Exercise prompt >> Every entry below is to be returned unchanged. Images are not part of the copy.

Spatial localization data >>
----------------

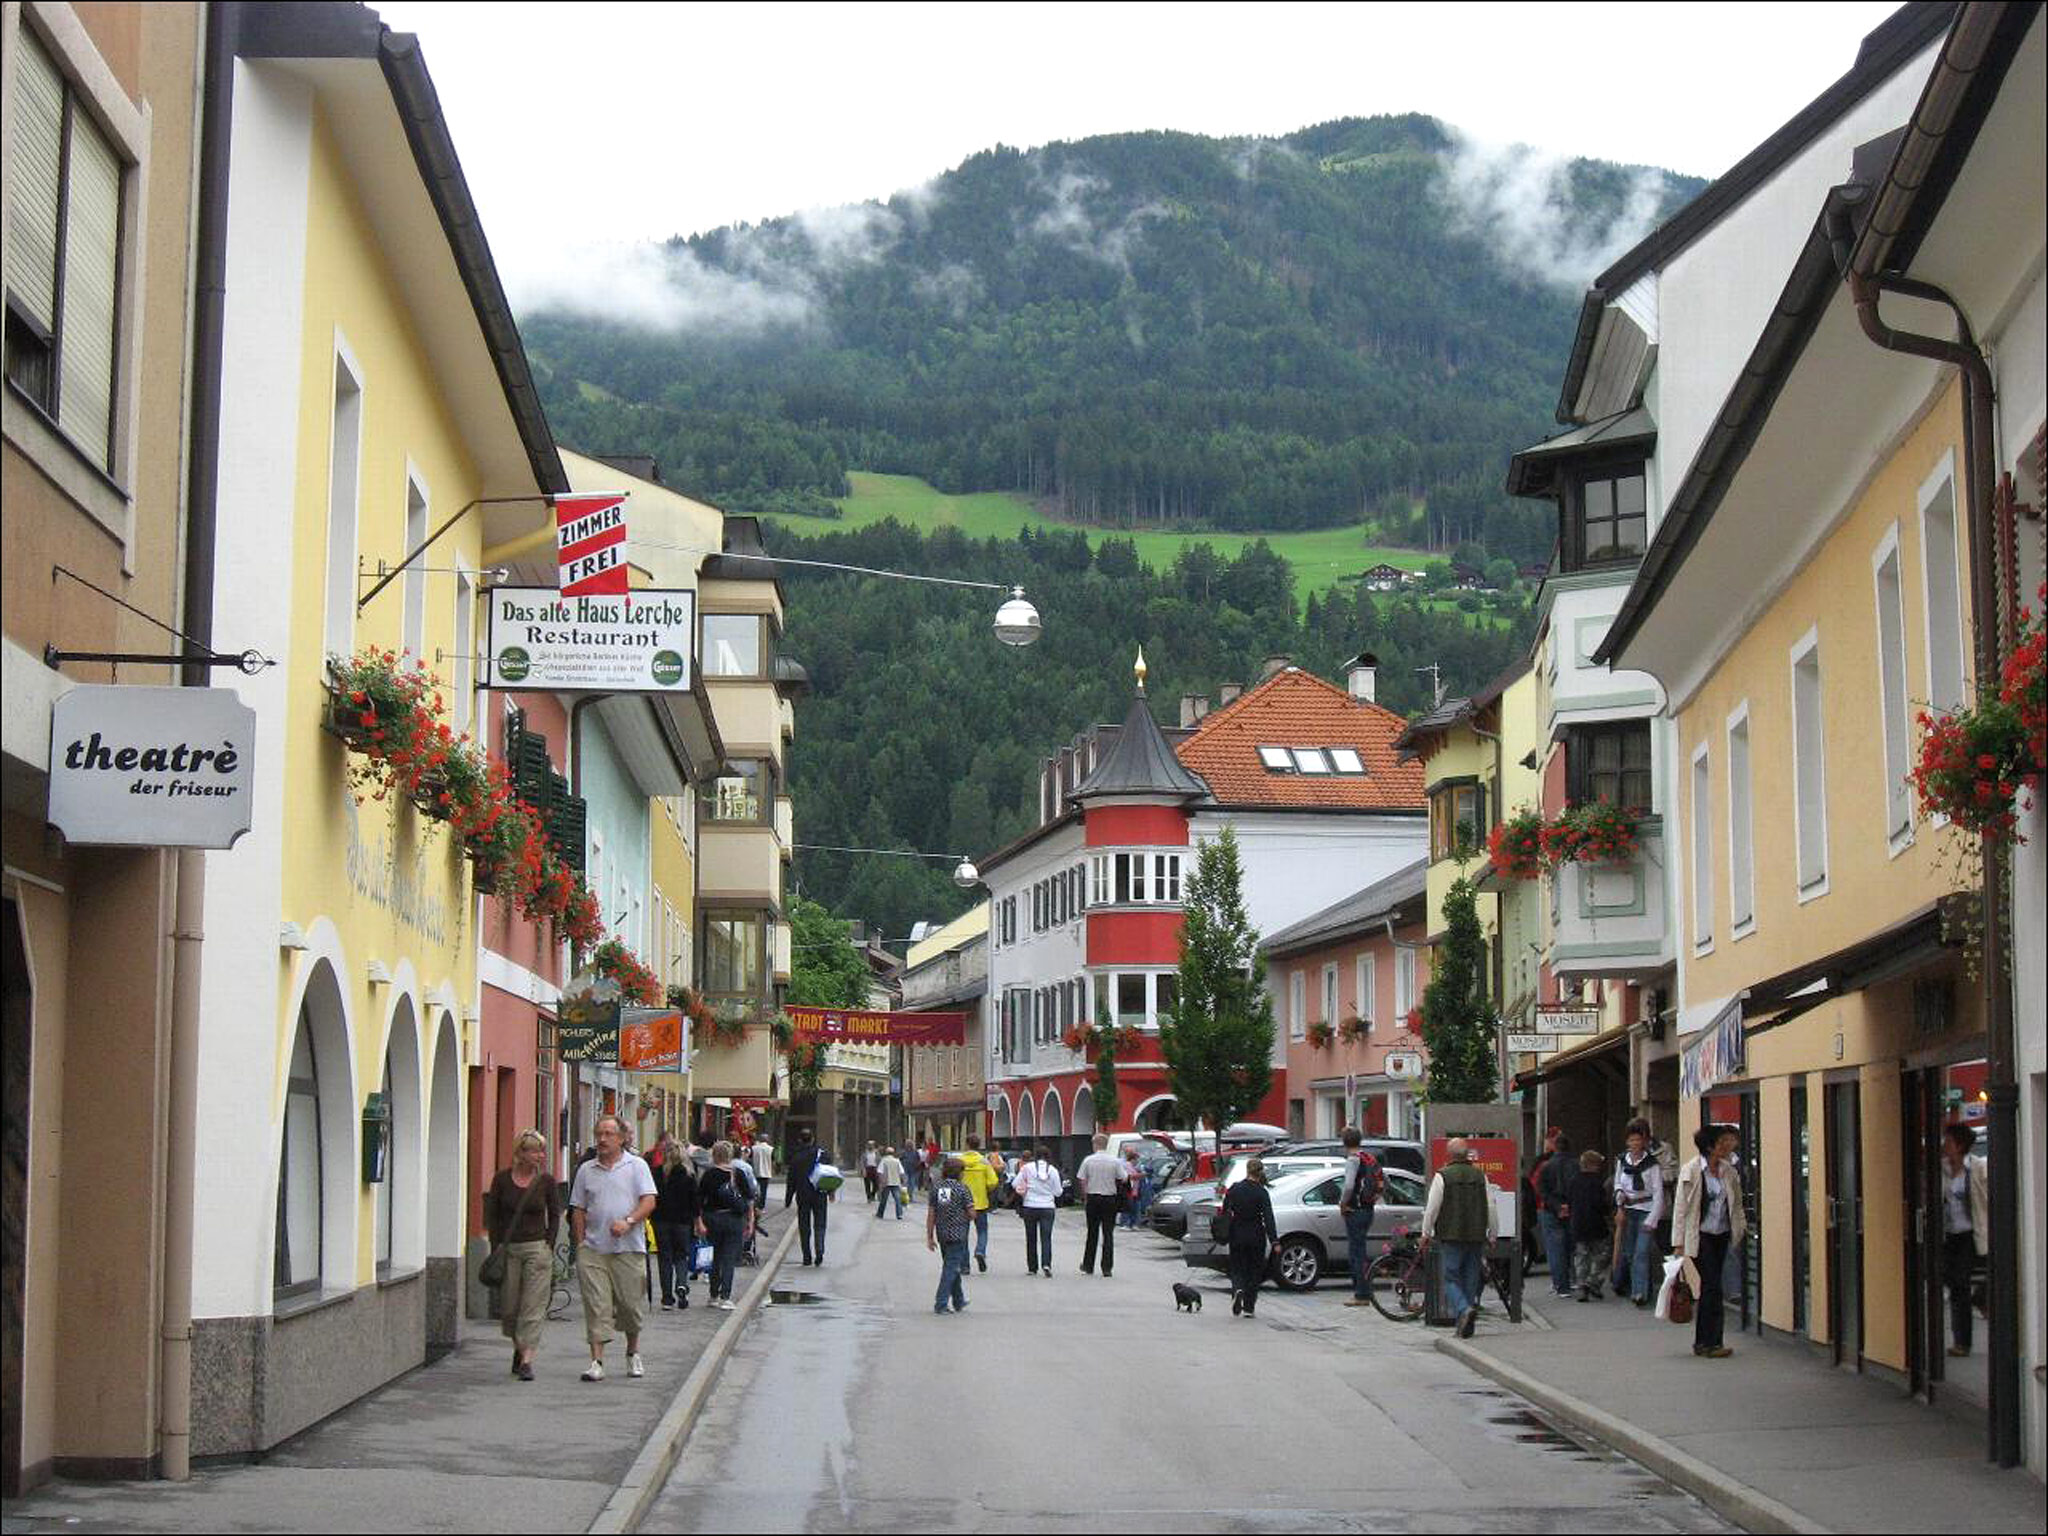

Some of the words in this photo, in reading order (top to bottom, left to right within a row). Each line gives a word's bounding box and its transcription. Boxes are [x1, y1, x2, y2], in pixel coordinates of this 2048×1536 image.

[560, 506, 622, 547] ZIMMER
[568, 547, 618, 583] FREI
[503, 601, 535, 622] Das
[540, 602, 571, 622] alte
[577, 597, 619, 622] Haus
[624, 599, 683, 628] Lerche
[526, 626, 660, 648] Restaurant
[66, 732, 238, 774] theatrè
[129, 779, 163, 795] der
[167, 780, 238, 798] friseur
[792, 1013, 823, 1031] STADT
[848, 1018, 890, 1034] MARKT
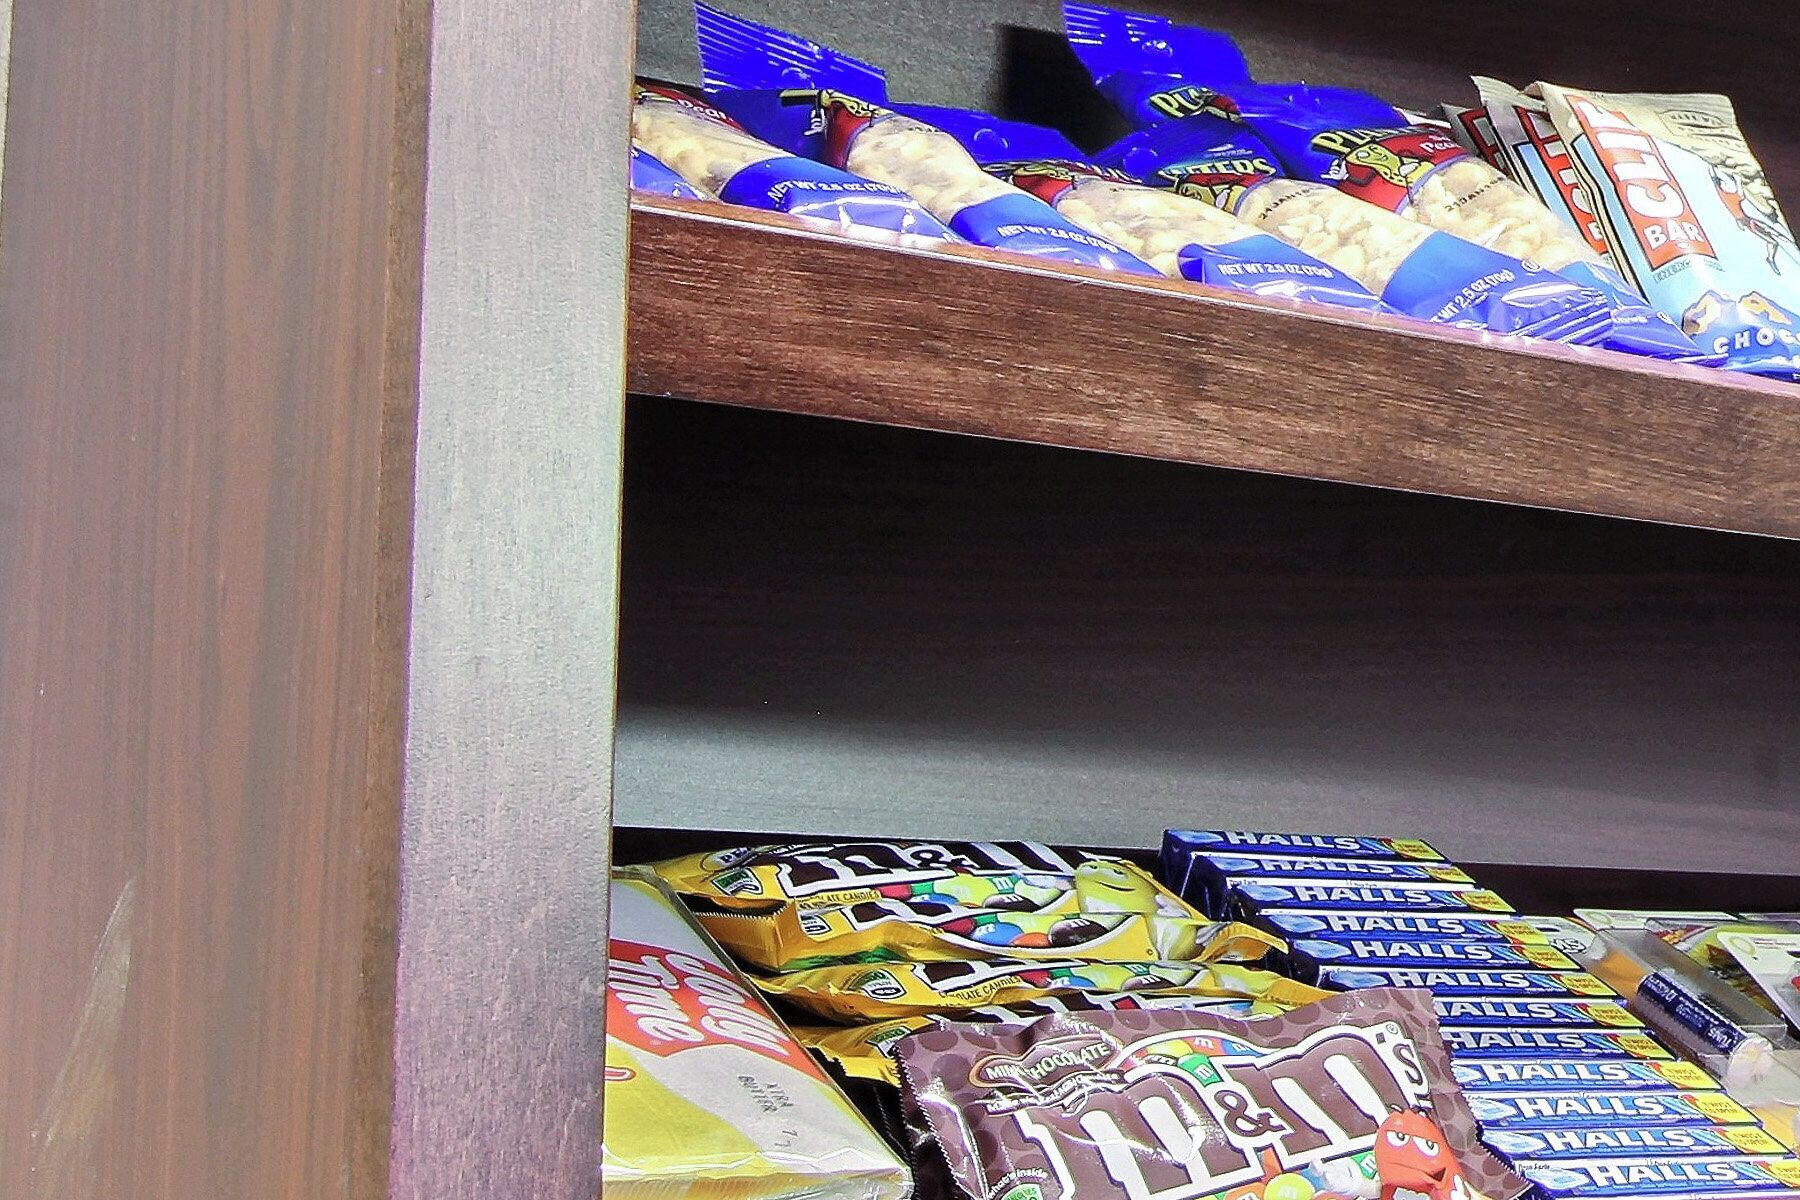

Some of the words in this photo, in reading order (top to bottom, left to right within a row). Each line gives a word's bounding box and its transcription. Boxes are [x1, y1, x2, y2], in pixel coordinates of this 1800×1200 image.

[997, 225, 1024, 238] NET
[1025, 225, 1048, 236] WT
[1643, 220, 1705, 252] BAR
[1217, 264, 1243, 275] NET
[1244, 263, 1264, 274] WT
[1225, 831, 1361, 850] HALLS
[842, 890, 881, 902] CANDIES
[1293, 886, 1431, 903] HALLS
[1326, 915, 1466, 934] HALLS
[1352, 941, 1492, 960] HALLS
[1388, 971, 1530, 988] HALLS
[608, 954, 705, 1041] Time
[665, 953, 790, 1057] Jolly
[1451, 1031, 1587, 1049] HALLS
[1027, 1042, 1111, 1081] HOCOLATE
[1478, 1062, 1631, 1082] HALLS
[1513, 1096, 1666, 1118] HALLS
[1543, 1129, 1696, 1151] HALLS
[1583, 1161, 1740, 1187] HALLS

----------------

Response to the task >>
Some of the words in this photo, in reading order (top to bottom, left to right within a row). Each line gives a word's bounding box and its transcription. Boxes are [x1, y1, x2, y2], in pixel coordinates of this 2048×1536 image.

[560, 506, 622, 547] ZIMMER
[568, 547, 618, 583] FREI
[503, 601, 535, 622] Das
[540, 602, 571, 622] alte
[577, 597, 619, 622] Haus
[624, 599, 683, 628] Lerche
[526, 626, 660, 648] Restaurant
[66, 732, 238, 774] theatrè
[129, 779, 163, 795] der
[167, 780, 238, 798] friseur
[792, 1013, 823, 1031] STADT
[848, 1018, 890, 1034] MARKT

Some of the words in this photo, in reading order (top to bottom, left to right within a row). Each line gives a word's bounding box and its transcription. Boxes are [x1, y1, x2, y2], in pixel coordinates of this 1800×1200 image.

[997, 225, 1024, 238] NET
[1025, 225, 1048, 236] WT
[1643, 220, 1705, 252] BAR
[1217, 264, 1243, 275] NET
[1244, 263, 1264, 274] WT
[1225, 831, 1361, 850] HALLS
[842, 890, 881, 902] CANDIES
[1293, 886, 1431, 903] HALLS
[1326, 915, 1466, 934] HALLS
[1352, 941, 1492, 960] HALLS
[1388, 971, 1530, 988] HALLS
[608, 954, 705, 1041] Time
[665, 953, 790, 1057] Jolly
[1451, 1031, 1587, 1049] HALLS
[1027, 1042, 1111, 1081] HOCOLATE
[1478, 1062, 1631, 1082] HALLS
[1513, 1096, 1666, 1118] HALLS
[1543, 1129, 1696, 1151] HALLS
[1583, 1161, 1740, 1187] HALLS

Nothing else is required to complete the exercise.